Monday, September 15, 2008

Why is wrong thinking so hard to get rid of???

I'm gonna make some wild confessions here.

Two years ago, I started a wild and wonderful journey. I started a healthful diet and exercise program. I lost a crazy 100 pounds (and still had just a few to go). I was training for a triathalon. Okay so it was less than a sprint tri, but a tri just the same! For the first month, I can honestly say I hated every minute of it. Really. Cussing under my breath every single second. I played mind tricks to push myself. "If you still think you're dying in 10 minutes, you can quit" (the first 15 minutes of any exercise always kills me) Then after a full month of exercise 5 days a week, I had a breakthrough. Something switched in my brain. I loved it. I found my inner jock. I never had an inner jock. I was in the band and drama in high school. In fact I can't remember taking a PE class. I must have... My tri goal seemed like it would happen. I wasn't going to place, or break any records, but I was going to finish and not dead last!

Then Pete's mom got sick. The whole world fell off its axis while we scrambled. The Y was not even an option. We were in survival mode and eating out of hospital vending machines. Does anyone else see the irony in the crappy, nutritionally devoid food they serve in a hospital? The fall off the wagon was long and painful.

It's been 5 months since my mother-in-law's death. We sure miss her.

Am I exercising again? Yes and no. The mental battle is worse than before. On what planet is that fair?

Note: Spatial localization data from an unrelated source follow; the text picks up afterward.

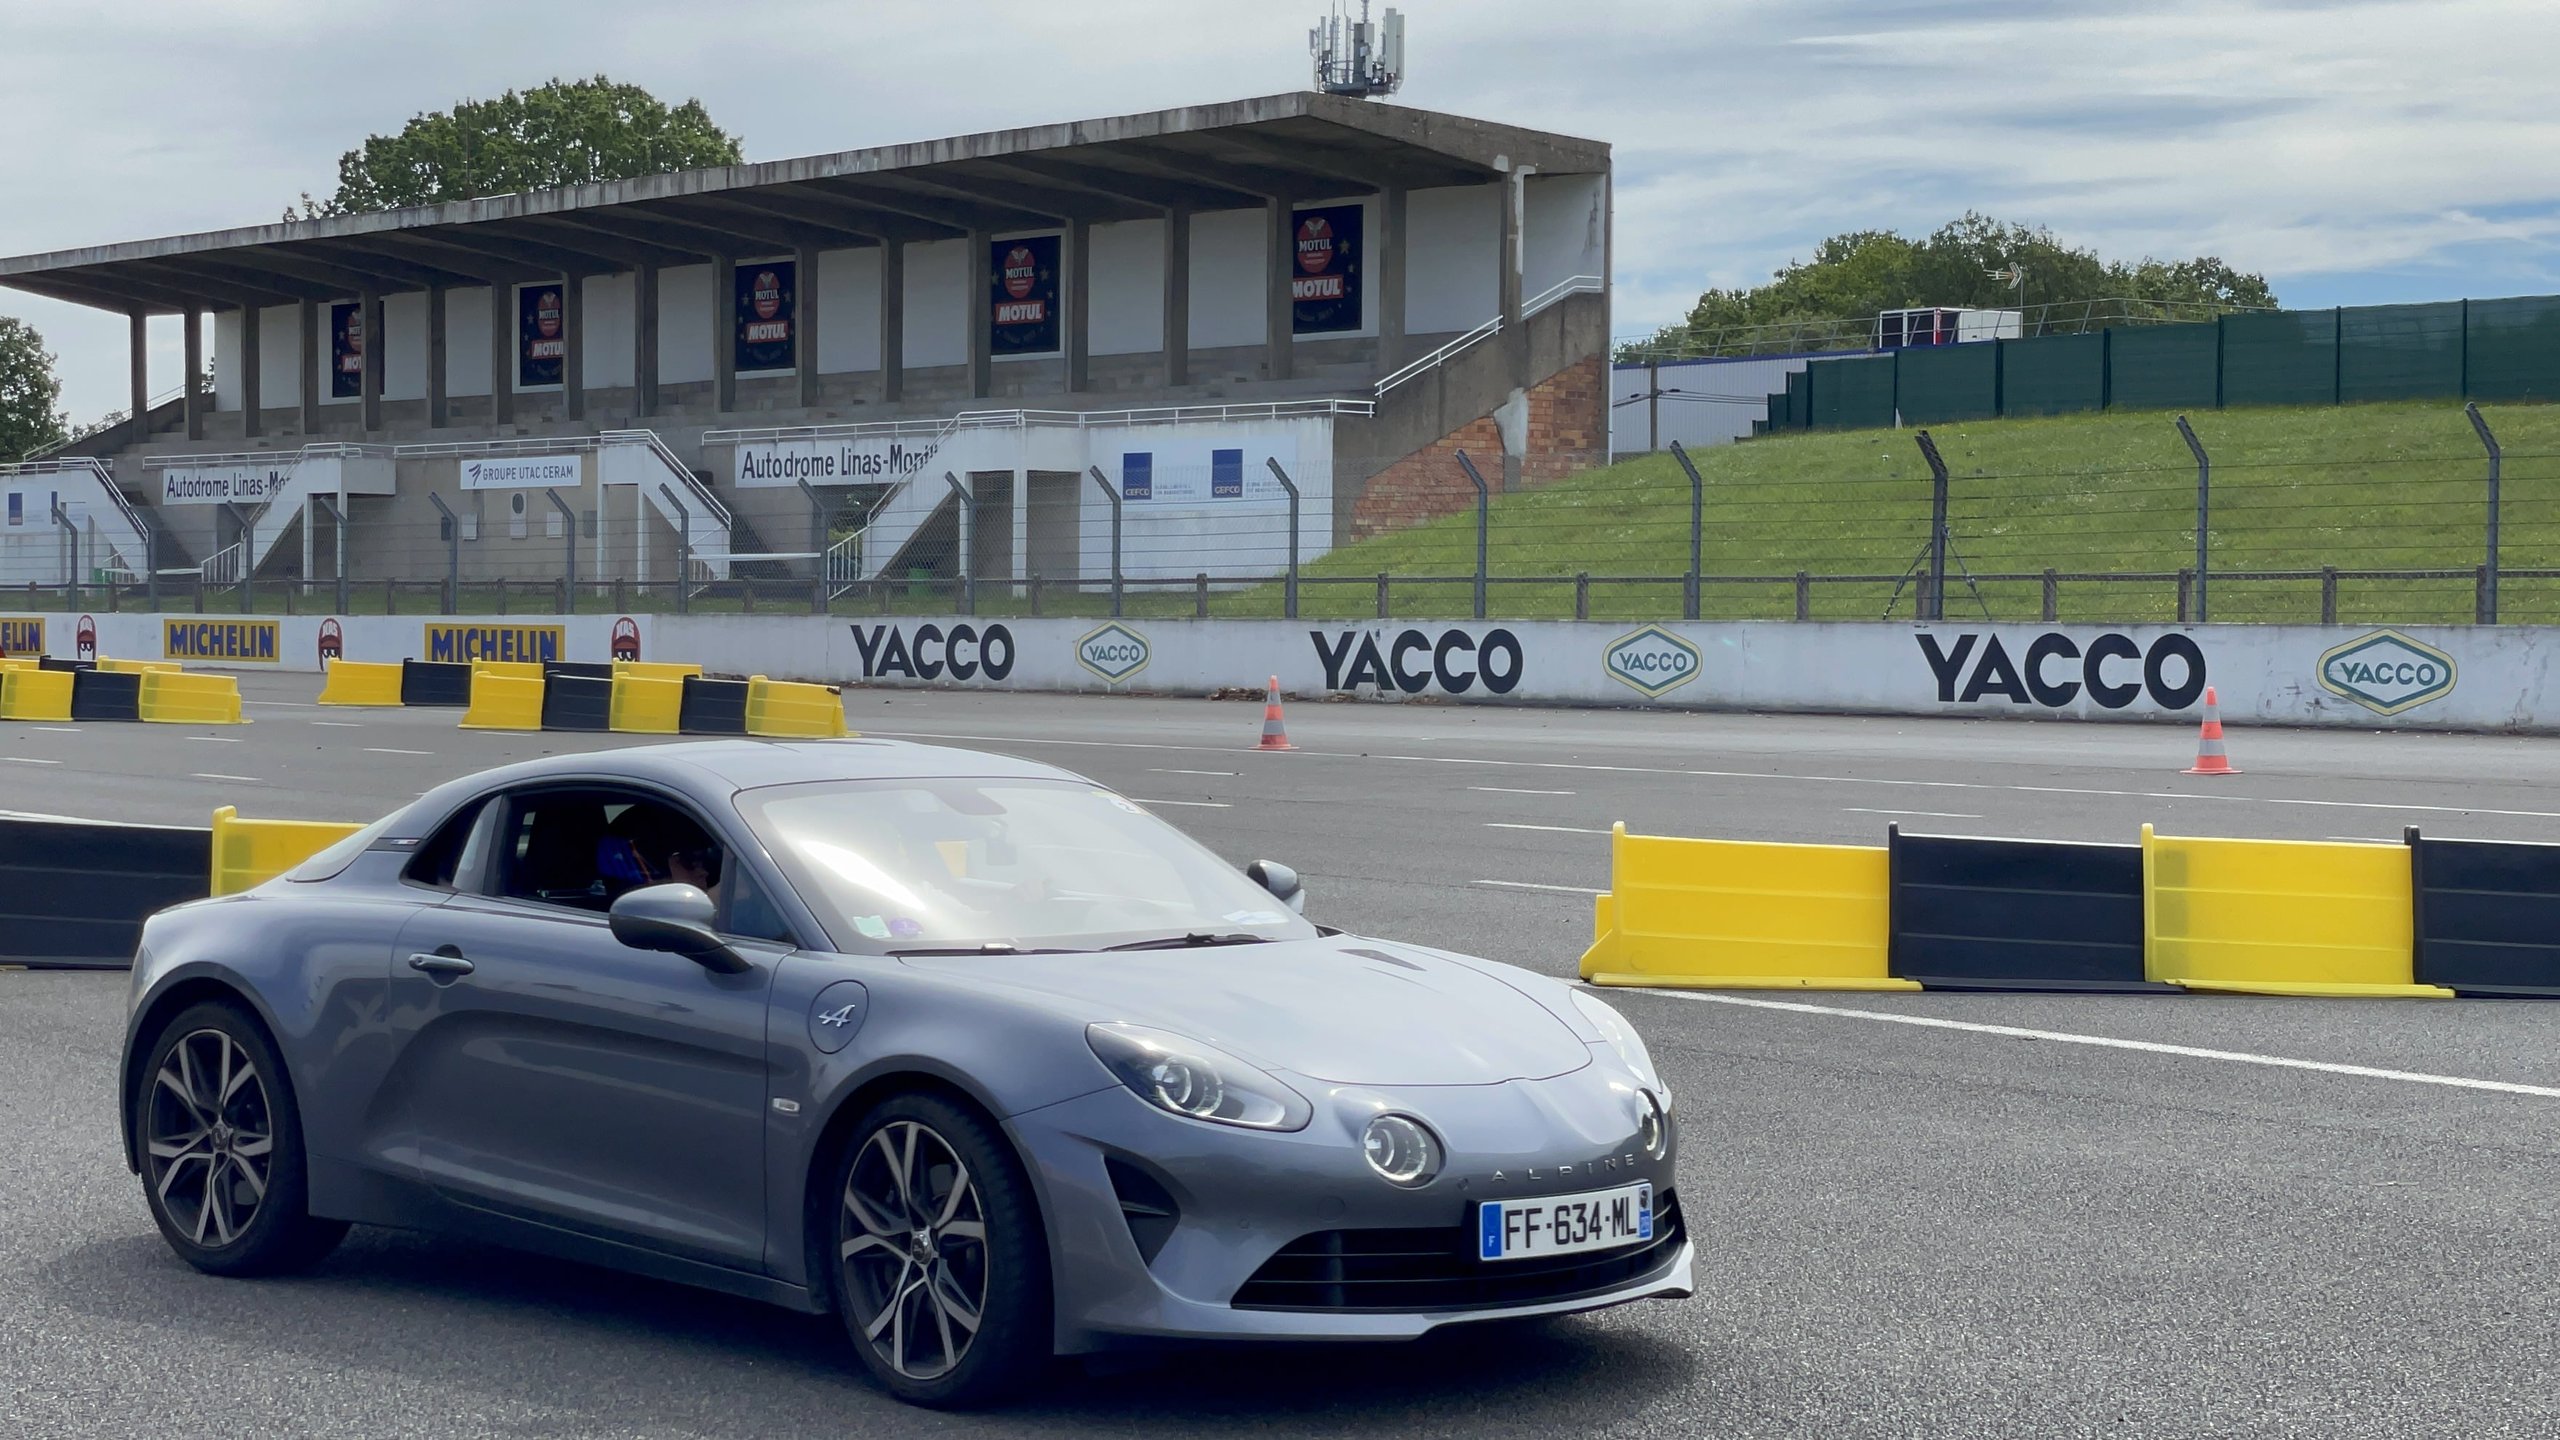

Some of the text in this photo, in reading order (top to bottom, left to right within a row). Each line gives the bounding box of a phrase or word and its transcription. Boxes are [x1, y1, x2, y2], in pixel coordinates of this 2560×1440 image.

[1299, 239, 1332, 252] MOTUL
[1006, 266, 1034, 279] MOTUL
[1292, 279, 1341, 298] MOTUL
[998, 303, 1042, 321] MOTUL
[748, 323, 786, 340] MOTUL
[483, 465, 573, 481] GROUPE UTAC CERAM
[741, 449, 835, 479] Autodrome
[166, 474, 229, 498] Autodrome
[2, 622, 41, 651] ELIN
[170, 624, 274, 658] MICHELIN
[431, 628, 557, 663] MICHELIN
[850, 624, 1015, 681] YACCO
[1088, 645, 1140, 662] YACCO
[1309, 628, 1523, 694] YACCO
[1619, 652, 1688, 672] YACCO
[1915, 632, 2207, 710] YACCO
[2338, 662, 2436, 686] YACCO
[1491, 1153, 1635, 1182] ALPINE

This morning started out poorly. Heading for a craptastic day early on. Last night I had packed my bag for the Y. I had planned to go to a water boot camp class that I really enjoy. Good thing I packed that bag, because I never would have gotten it together this morning. But the battle raged on. I felt horrible. Headache, nausea, I took a new vitamin/herbal supplement and felt jittery. Excuses? I've got a gazillion of 'em. Even though I know how good the exercise makes me feel when it's done, the battle still rages.
.
So I played the head game again. "Head toward the Y." "If you feel worse at the next light, you can head home." All the way there. Made it to the parking lot. "You have your bathing suit on, all you have to do is go relax in the pool, no pressure." The water was lovely. Perfect in fact. There's an open lane. "Maybe I'll just swim a couple of laps before class starts." I got in 20 laps and the boot camp class and it felt even better than I remembered.

I will fight another day (tomorrow is spinning class which I love dispite the spandex shorts).